Secundo, des problèmes techniques ont réduit le volume produit : EDF a annoncé que l'un des réacteurs nucléaires de Penly, en Seine-Maritime, était lui aussi touché par un problème de corrosion sur le système de sécurité, déjà détecté sur quatre autres réacteurs mis à l'arrêt. En conséquence, la prévision 2022 de production d'électricité nucléaire a été ramenée à une fourchette de 300 à 330 TWh, contre 330-360 TWh auparavant. EDF se retrouve donc avec 50 TWh en moins, qu'il ne pourra donc vendre sur le marché normal où il aurait profité des prix actuels de l'ordre de 200€/MWh).

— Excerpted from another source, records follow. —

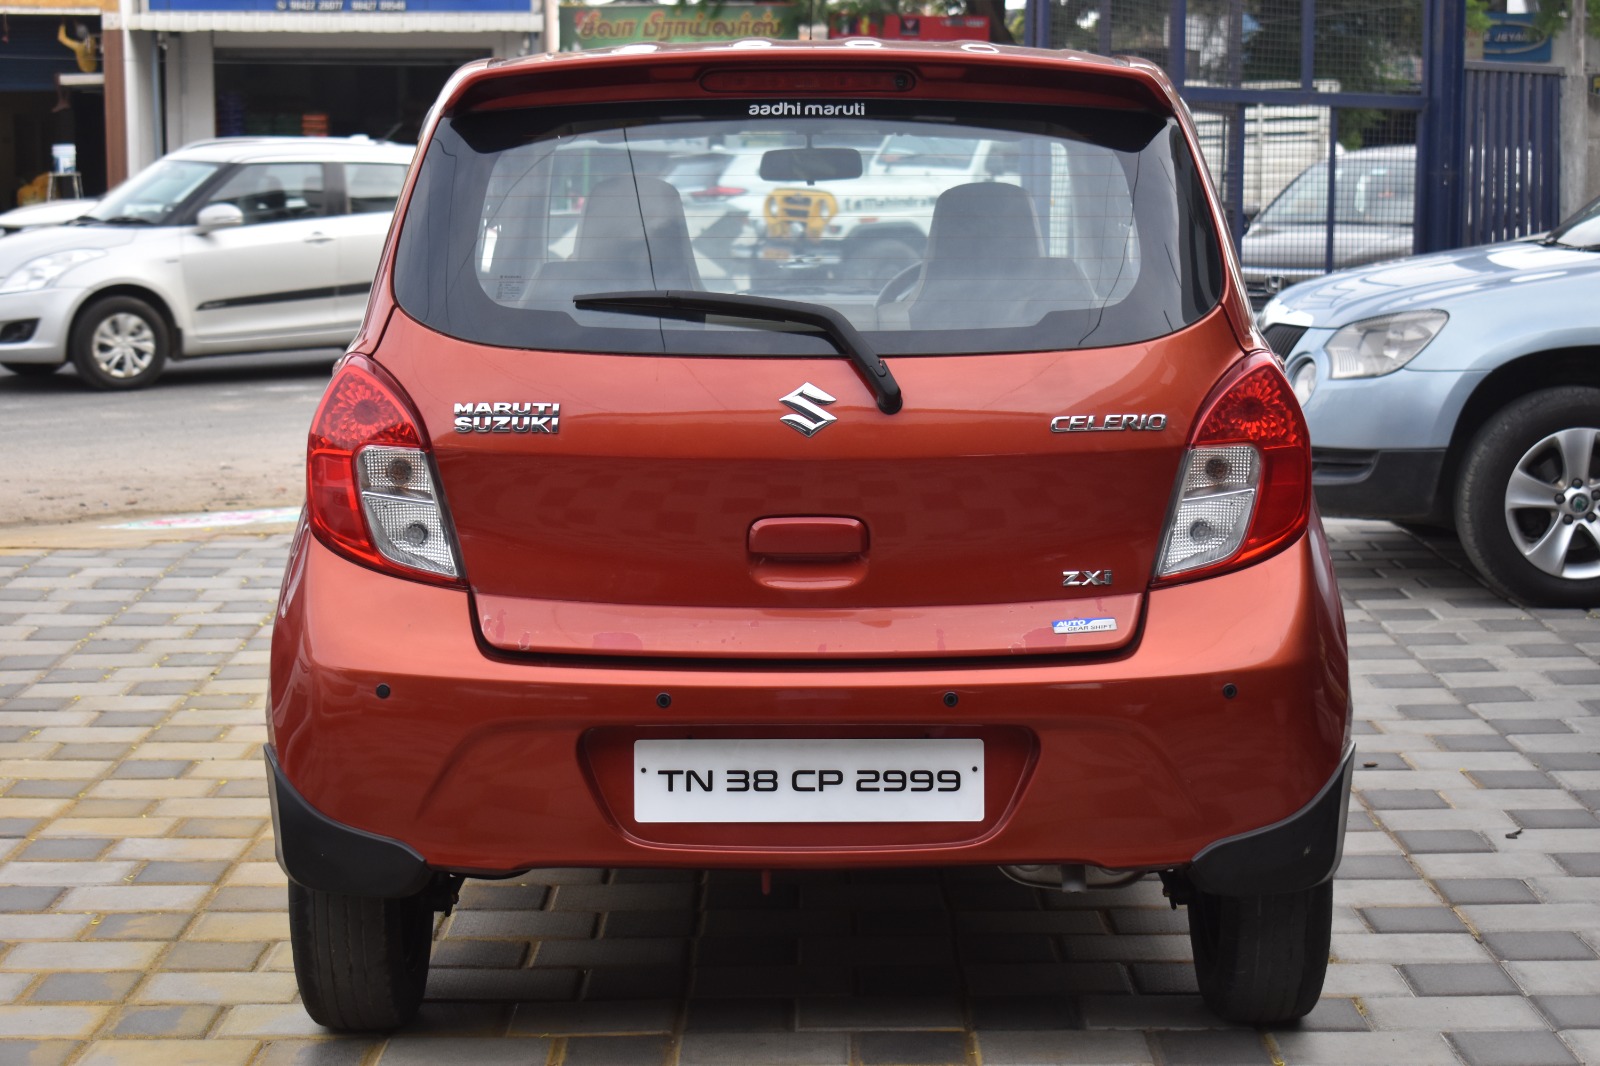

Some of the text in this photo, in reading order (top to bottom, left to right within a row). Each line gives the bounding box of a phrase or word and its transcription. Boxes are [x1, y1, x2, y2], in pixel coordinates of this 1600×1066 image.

[748, 103, 866, 116] aadhi maruti
[453, 402, 560, 416] MARUTI
[453, 416, 560, 434] SUZUKI
[1050, 413, 1167, 433] CELERIO
[1056, 619, 1086, 627] AUTO
[658, 770, 961, 792] TN 38 CP 2999

Or EDF a déjà pré-vendu sa production pour 2022 : pour fournir les 20TWh supplémentaires, EDF devra les racheter sur le marché au prix fort (environ 300€/MWh) ou aux clients auxquels ils ont été vendus… pour les revendre à ses concurrents qui à leur tour les revendront à leurs clients. Ubuesque ! Cette mesure coûtera près de 8 Mds€ d'EBITDA (ou Excédent Brut d'Exploitation) à EDF (soit le prix d'un EPR, sans retard) et déséquilibrer son bilan, freiner ses nécessaires investissements et le maintien d'un haut niveau d'entretien des installations stratégiques, lui faire perdre la confiance des investisseurs, augmenter l'impact négatif des mesures gouvernementales sur l'entreprise et mettre en péril la cotation de l'action… Les prochains jours sont cruciaux pour l'avenir de l'entreprise publique.

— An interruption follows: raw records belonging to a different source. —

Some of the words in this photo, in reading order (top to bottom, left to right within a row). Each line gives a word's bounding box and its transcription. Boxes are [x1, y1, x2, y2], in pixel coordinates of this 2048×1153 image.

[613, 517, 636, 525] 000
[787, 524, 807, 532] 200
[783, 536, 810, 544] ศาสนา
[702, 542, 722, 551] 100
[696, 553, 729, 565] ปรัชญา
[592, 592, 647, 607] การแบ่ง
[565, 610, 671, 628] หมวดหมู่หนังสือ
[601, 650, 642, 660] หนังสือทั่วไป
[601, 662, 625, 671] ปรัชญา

Elle s'étonne qu'on fasse porter par EDF les coûts élevés du dysfonctionnement du marché de l'électricité, de sa dérégulation et des règles européennes pour la fixation des prix de l'électricité (qui fait évoluer les prix de l'énergie sur la base du prix du gaz, sauf la plus polluante, celle produite grâce au charbon !), alors même que cette dernière est déjà scandaleusement pénalisée par le dispositif ARENH (accès régulé à l'électricité nucléaire historique) et l'obligation de vendre à prix cassé sa production à ses concurrents ! Elle ne comprend pas pourquoi l'État n'a pas d'abord massivement (et temporairement) baissé les taxes, dont la TVA, pour limiter la hausse des prix à 4%. L'État se décharge de cette exigence financière en fragilisant EDF et obère notre avenir énergétique.
La ministre de la transition écologique a indiqué que l'État serait au coté d'EDF, il aurait surtout dû ne pas la mettre dans ces graves difficultés !
Elle lui demande donc de lui indiquer les décisions qu'il compte prendre pour assurer le redressement rapide de la situation d'EDF et s'il compte procéder à une recapitalisation comme l'annoncent certains médias. Si tel était le cas sous quelle forme et à quel niveau aurait-elle lieu ?
Elle lui demande également s'il ne serait pas préférable de procéder à une renationalisation d'EDF (coût estimé de 5 Mds€).
Pour profiter de la présidence française de l'Union européenne, n'est-il pas temps d'exiger des instances européennes une révision de l'organisation du marché de l'énergie, notamment la fixation des prix, ceux de l'électricité en premier lieu ?
Elle lui demande enfin que le Gouvernement s'engage à présenter dans les plus brefs délais au Parlement un bilan de la libéralisation du secteur énergétique et à organiser un débat public sur l'avenir de ce secteur.
Cette question n'a pas encore de réponse.